Sirimongkol successfully defended his WBC bantamweight title three times. However, his reign ended in November 1997 when he lost to former Japanese world champion Joichiro Tatsuyoshi in Osaka, Japan. He rebounded strongly, capturing the WBC Super featherweight title in 2002 with a knockout win over Kengo Nagashima, but lost the title a year later to Jesús Chávez.

===Post-world title reign===
In May 2007, Sirimongkol won the Asian Boxing Council (ABCO) super featherweight title. He then won the PABA light welterweight title in December 2007 before defending the title once in May 2008.

===Arrest and later career===
In 2009, Sirimongkol's career took a turn following his arrest for possession of Ya ba. During his incarceration, he taught boxing to fellow inmates and continued to compete, winning the WBC Asia Continental Welterweight title.

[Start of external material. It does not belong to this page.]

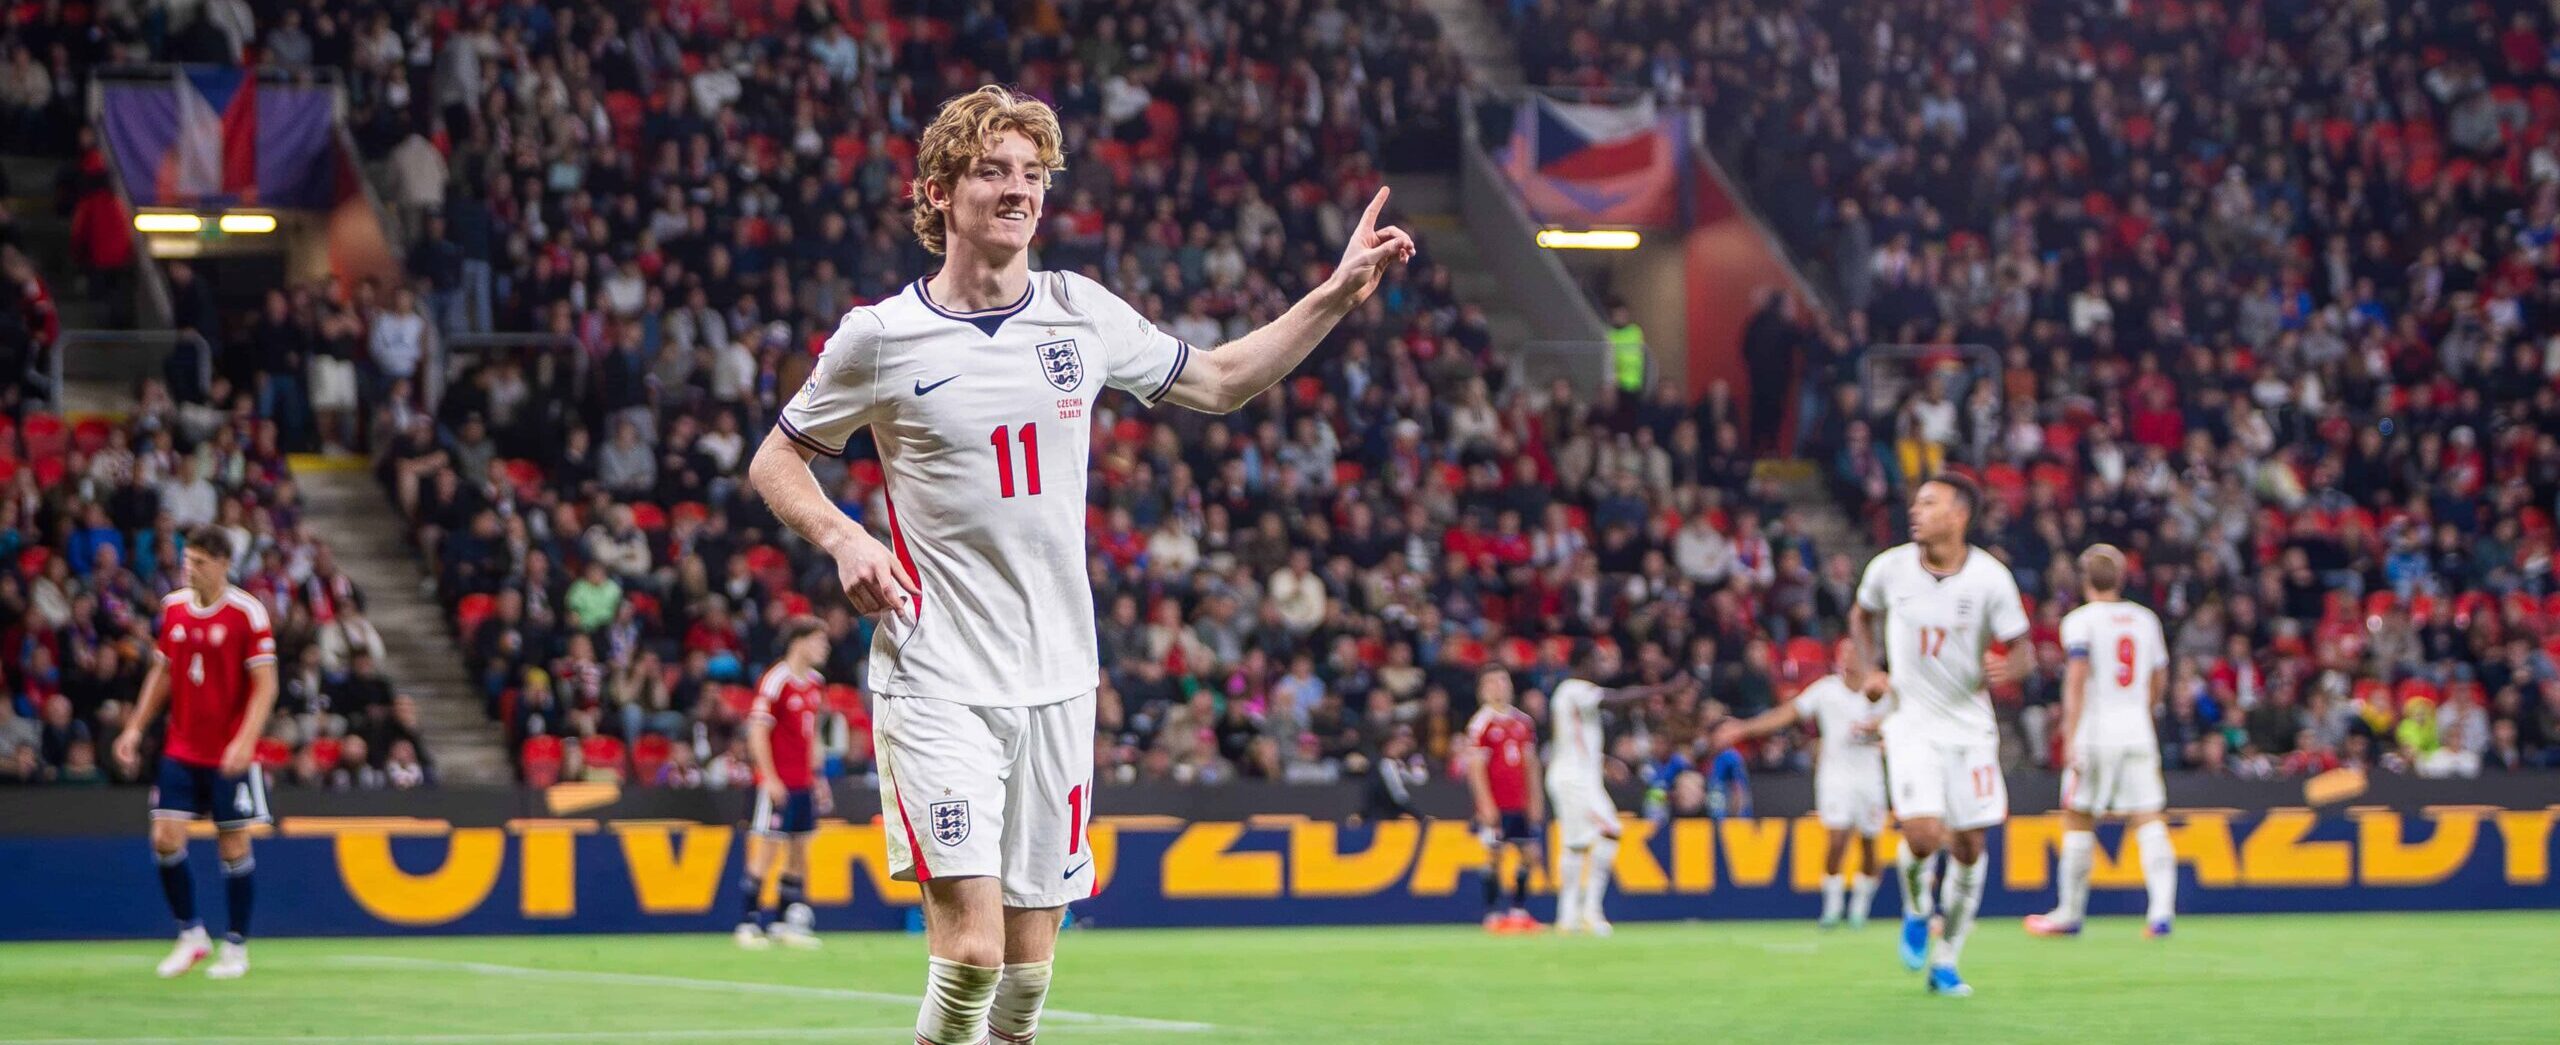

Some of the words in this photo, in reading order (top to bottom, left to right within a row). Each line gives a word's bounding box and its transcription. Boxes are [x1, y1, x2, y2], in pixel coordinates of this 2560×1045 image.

He successfully defended the WBC Asia Continental belt five times from 2012 to 2014. He was pardoned four years into a 20-year sentence.

In October 2014, Sirimongkol defeated Dan Nazareno Jr. to win the WBO Asia Pacific junior middleweight title. He defended the WBO Asia Pacific belt twice in April 2015 and September 2015.

His 51-fight winning streak was finally broken in 2017 by Uzbek boxer Azizbek Abdugofurov in an unsuccessful bid for the WBC Asia middleweight title, marking his first defeat in 14 years.

After winning the UBO Inter-Continental light middleweight title in May 2017 and the Thai light heavyweight title September 2018, Sirimongkol announced his first retirement from boxing on September 20, 2018. He came out of retirement for two more fights, including unsuccessfully challenging Teerachai Sithmorseng for the WBA Asia light heavyweight title in April 2021, before retiring once again.

===Bare-knuckle boxing===
Sirimongkol made his bare-knuckle boxing debut at BKFC Thailand 1: The Game Changer on December 18, 2021, fighting under his real name of "Sirimongkol Iamthuam". His opponent was Iranian Brazilian jiu-jitsu and full contact karate practitioner Reza Goodary. Despite standing 168 cm and Goodary standing 195 cm, Sirimongkol controlled the majority of the fight and scored a knockdown to win via split decision.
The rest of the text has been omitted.